Bug #105776 | Simplify or automate the GR recovery user management | ||
---|---|---|---|
Submitted: | 2 Dec 2021 16:12 | Modified: | 6 Mar 2022 19:30 |
Reporter: | Simon Mudd (OCA) | Email Updates: | |
Status: | Closed | Impact on me: | |
Category: | MySQL Server: Group Replication | Severity: | S3 (Non-critical) |
Version: | 8.0.26 | OS: | Any |
Assigned to: | CPU Architecture: | Any | |
Tags: | cleanup, gr, group replication, lots of accounts, recovery user, use single account |
[2 Dec 2021 16:12]
Simon Mudd
[2 Dec 2021 16:29]
MySQL Verification Team
Hello Simon, Thank you for the reasonable feature request! regards, Umesh
[2 Dec 2021 16:39]
Simon Mudd
Related: if you disable the accounts (thinking they are not used) nothing obvious will happen until the group member has to recover, then it will fail. This could happen a long time later and would not be obvious until the recovery fails so can be problematic.
[2 Dec 2021 18:25]
Kenny Gryp
Changing this back to bug, this is not a feature request. The expected behavior is to have the mysql user removed when the member is removed from the cluster. We tried to repeat the problem and the users do get deleted in our tests.

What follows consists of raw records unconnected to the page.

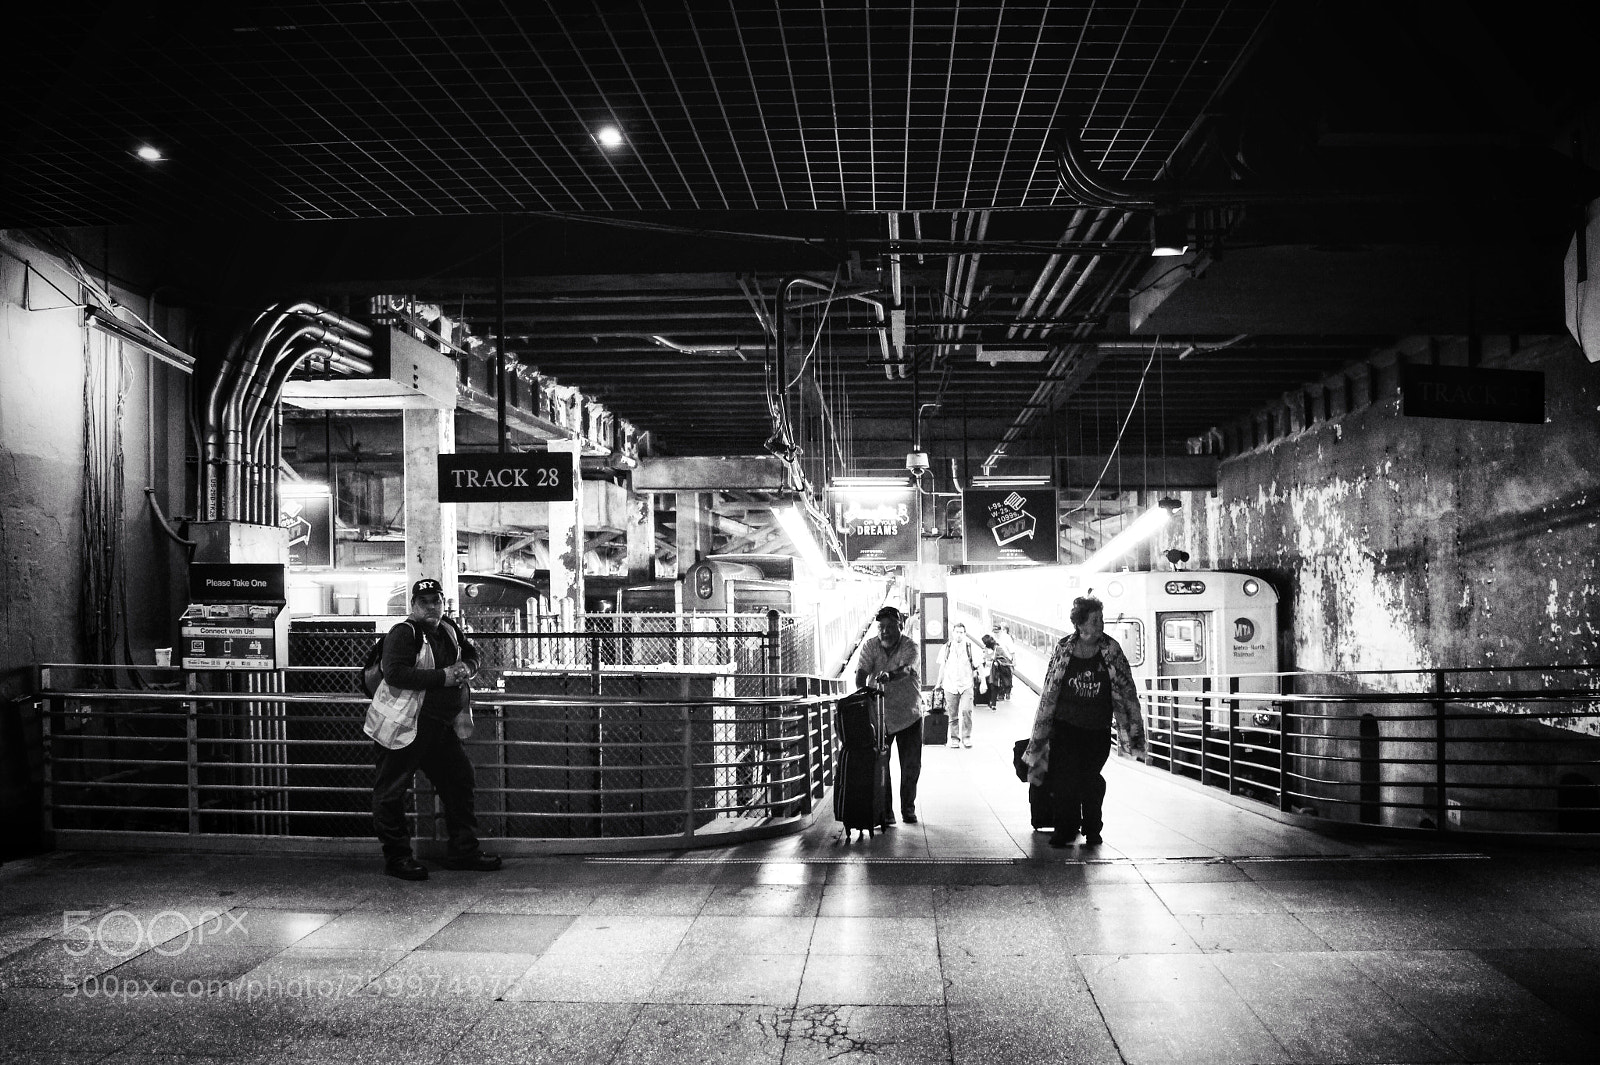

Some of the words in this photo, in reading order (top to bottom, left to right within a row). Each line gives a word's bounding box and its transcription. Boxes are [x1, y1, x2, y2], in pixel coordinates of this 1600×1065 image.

[1418, 381, 1497, 405] TRACK
[451, 468, 529, 488] TRACK
[536, 468, 560, 487] 28
[857, 525, 898, 536] DREAMS
[206, 579, 231, 587] Please
[232, 579, 250, 587] Take
[251, 579, 267, 587] One
[418, 581, 434, 590] NY
[200, 627, 227, 635] Connect
[1234, 622, 1251, 638] MTA
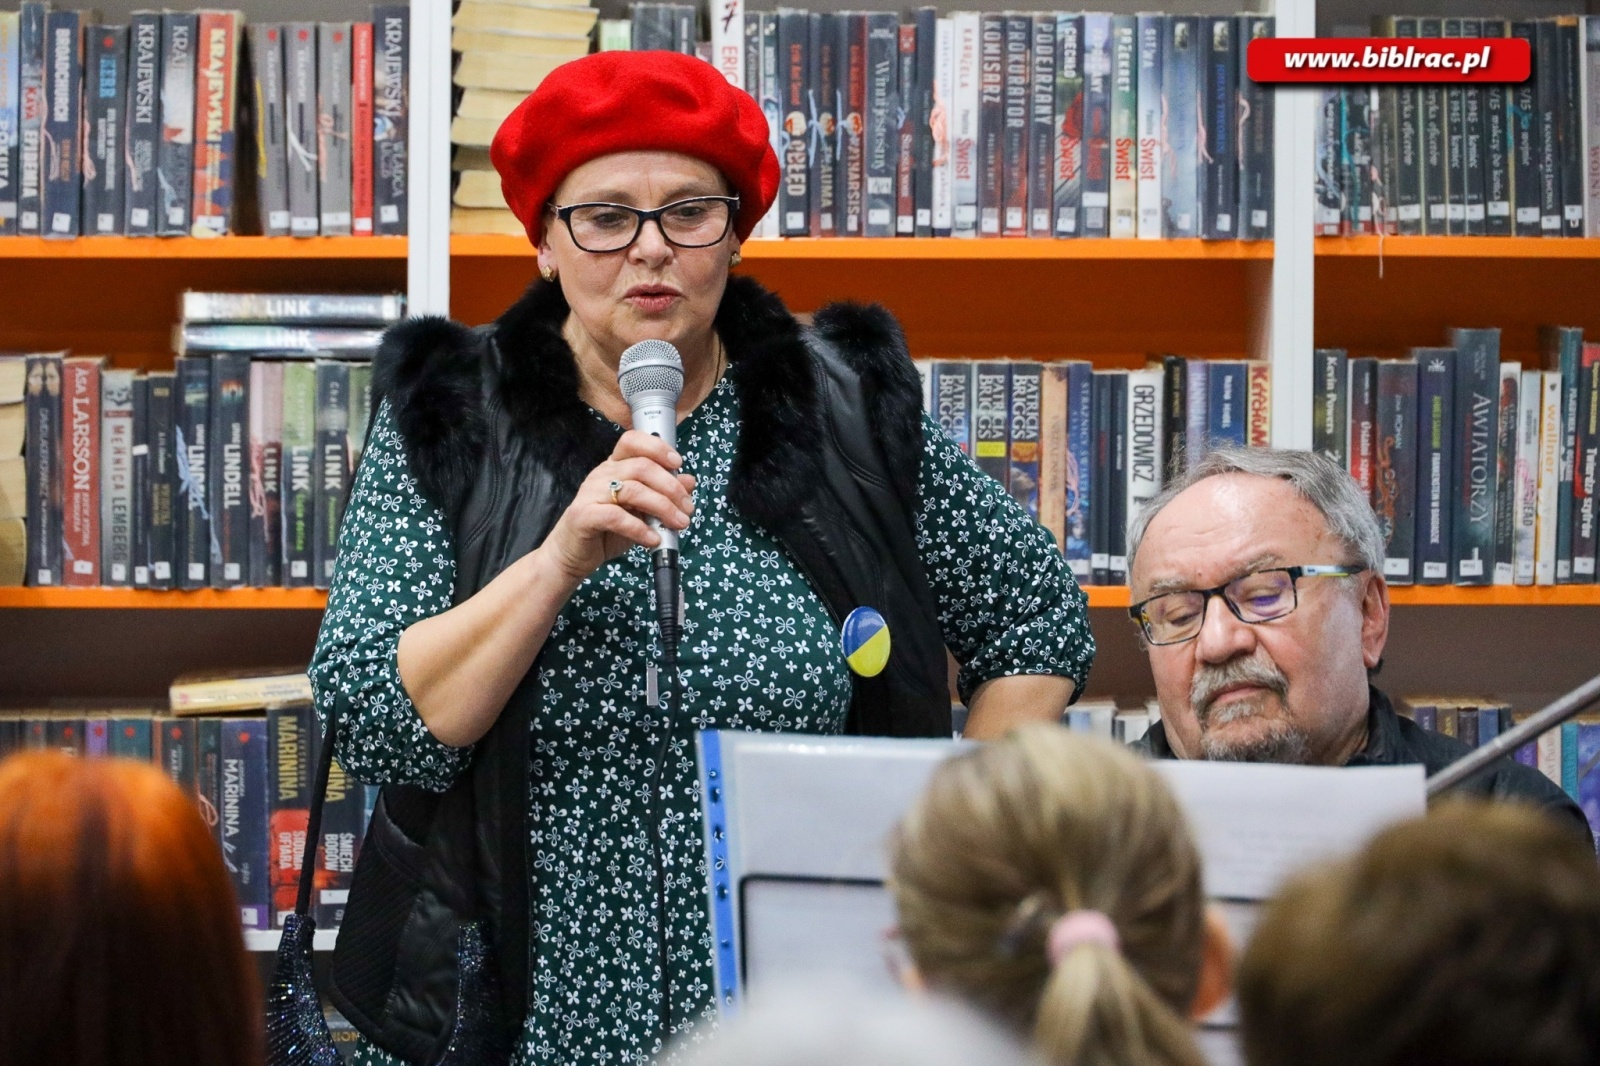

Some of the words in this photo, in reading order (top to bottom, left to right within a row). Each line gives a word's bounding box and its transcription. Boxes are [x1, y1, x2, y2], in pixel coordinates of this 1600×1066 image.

[54, 29, 70, 122] BROADCHURCH
[99, 57, 116, 98] KERR
[136, 24, 154, 123] KRAJEWSKI
[384, 18, 402, 116] KRAJEWSKI
[722, 46, 738, 83] ERIC
[982, 21, 1001, 104] KOMISARZ
[1007, 21, 1025, 128] PROKURATOR
[1035, 23, 1053, 125] PODEJRZANY
[1063, 27, 1077, 78] CHECHŁO
[21, 130, 38, 198] EPIDEMIA
[955, 138, 973, 180] Świst
[1059, 137, 1080, 179] Świst
[1115, 138, 1135, 180] Świst
[1140, 138, 1160, 181] Świst
[266, 299, 311, 316] LINK
[1326, 356, 1337, 390] Kevin
[952, 374, 967, 439] PATRICIA
[977, 374, 992, 439] BRIGGS
[992, 374, 1005, 439] PATRICIA
[1012, 375, 1026, 439] BRIGGS
[1026, 375, 1039, 439] PATRICIA
[1325, 393, 1335, 434] Powers
[72, 397, 90, 491] LARSSON
[1132, 385, 1155, 482] GRZĘDOWICZ
[1360, 421, 1372, 456] Ostatni
[1469, 392, 1491, 525] AWIATORZY
[1545, 404, 1556, 475] wallner
[188, 445, 205, 510] LINDELL
[224, 444, 241, 509] LINDELL
[264, 448, 277, 493] LINK
[292, 445, 309, 491] LINK
[324, 444, 342, 490] LINK
[1431, 453, 1440, 500] FRANKENSTEIN
[1584, 448, 1598, 495] Twierdza
[112, 497, 127, 561] LEMBERG
[1430, 509, 1439, 544] BAGDADZIE
[1581, 497, 1594, 538] szyfrów
[277, 716, 299, 801] MARININA
[324, 758, 345, 802] NINA
[224, 759, 240, 837] MARININA
[279, 832, 293, 870] OFIARA
[324, 833, 340, 871] BOGÓW
[339, 833, 356, 872] ŚMIECH
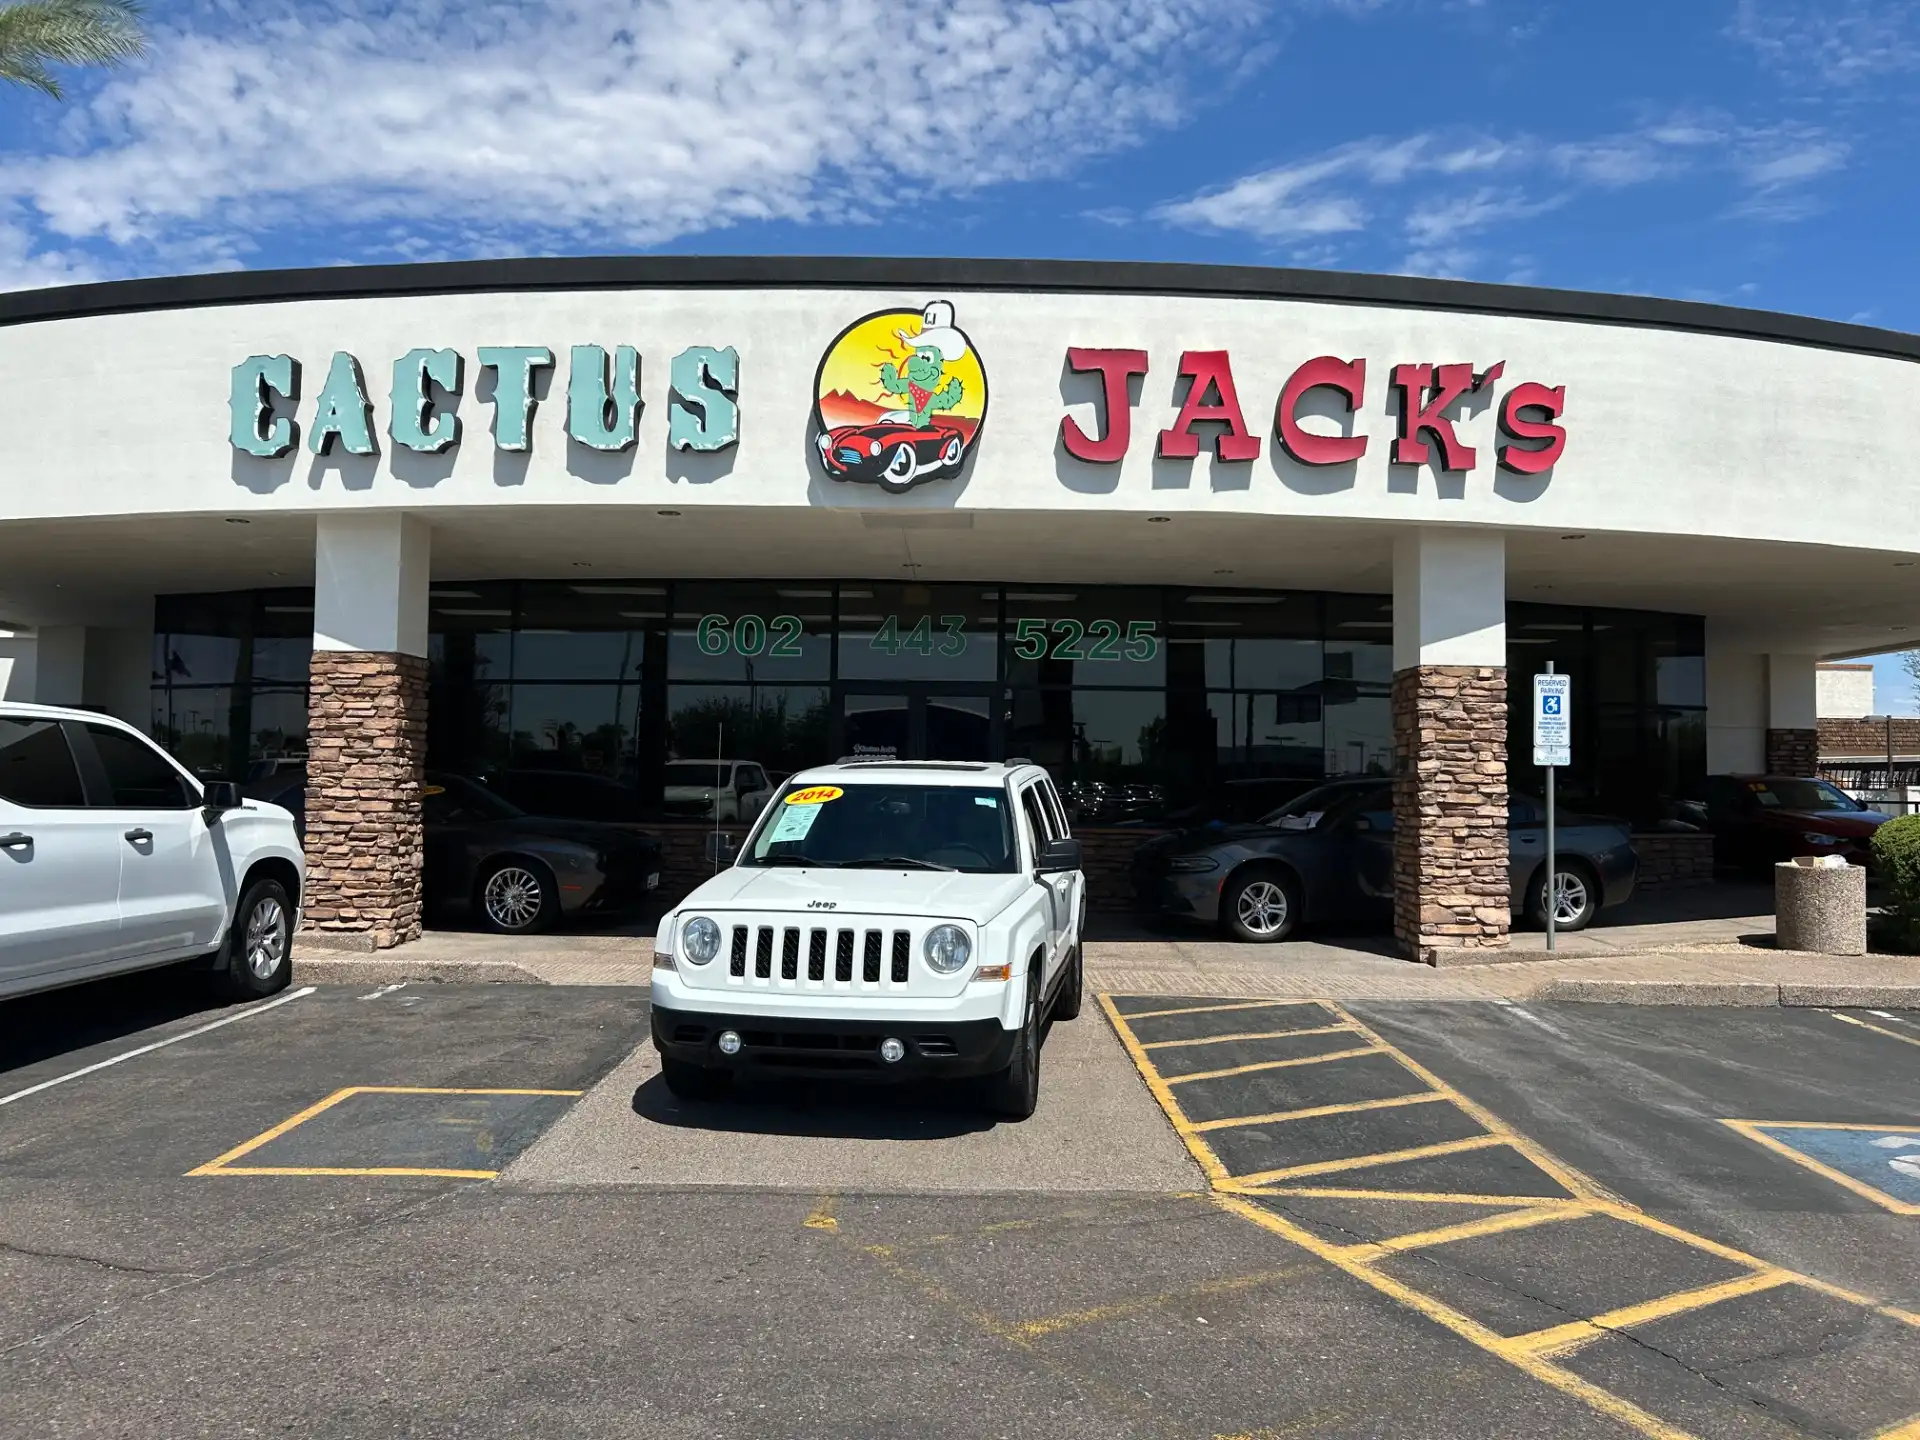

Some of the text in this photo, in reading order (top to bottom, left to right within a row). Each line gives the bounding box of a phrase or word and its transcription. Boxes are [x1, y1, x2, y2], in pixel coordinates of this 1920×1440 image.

Can you share the exact steps taken to reproduce this?
[2 Dec 2021 18:30]
Kenny Gryp
In 8.0.17 we added functionality to track and clean up these internal users, read more on https://dev.mysql.com/doc/relnotes/mysql-shell/8.0/en/news-8-0-17.html
[3 Dec 2021 8:15]
Simon Mudd
ok, I then need to confirm procedures used with colleagues. I just saw the symptoms and if the current code should be handling things properly this may be an error at our end. I will check and come back to you.
[3 Dec 2021 12:40]
Eduardo Ortega
From the release notes: > In addition Cluster.removeInstance() no longer removes all recovery accounts on the > instance being removed. It now removes the recovery account of the instance being > removed on the primary and waits for the changes to be replicated before actually > removing the instance from the group I wonder whether the left-over accounts are from hosts that fail fully and therefore cannot be cleanly removed with `cluster.removeInstance()`? Or whether the accounts don't get deleted when removal is done as part of a `cluster.rescan()`?
[8 Dec 2021 17:33]
Miguel Araujo
>>> I wonder whether the left-over accounts are from hosts that fail fully and therefore cannot be cleanly removed with `cluster.removeInstance()`? Exactly, that's the only scenario on which the recovery account of that instance being removed is actually *not* dropped. That's seen when removing instances that are either unreachable or offline (GR stopped) and only by using the 'force' options the instance can be removed from the Cluster. In practice, only the Metadata is updated. The reason behind that is that we couldn't know which was the account to be dropped. However, since 8.0.17 the internal recovery accounts info is stored in the Metadata, and therefore, the account can be removed in such cases. Confirming this as a bug.
[9 Dec 2021 8:23]
Simon Mudd
Thanks for the update and clarifications.
[6 Mar 2022 19:30]
Margaret Fisher
Posted by developer: Changelog entry added for MySQL Shell 8.0.29: If an instance was added to an InnoDB Cluster using MySQL Clone, and Ctrl+C or the waitRecovery: 0 option was used to let recovery take place in the background, the recovery account from the donor instance was used instead of the recovery account created for the new instance. If the new instance was later removed with a Cluster.removeInstance command, the recovery account created for it was not dropped, since AdminAPI was only checking for the recovery account that was actually in use on the instance (the donor’s account). The account removal logic now considers the account created for the instance and cleans it up even if it was not used.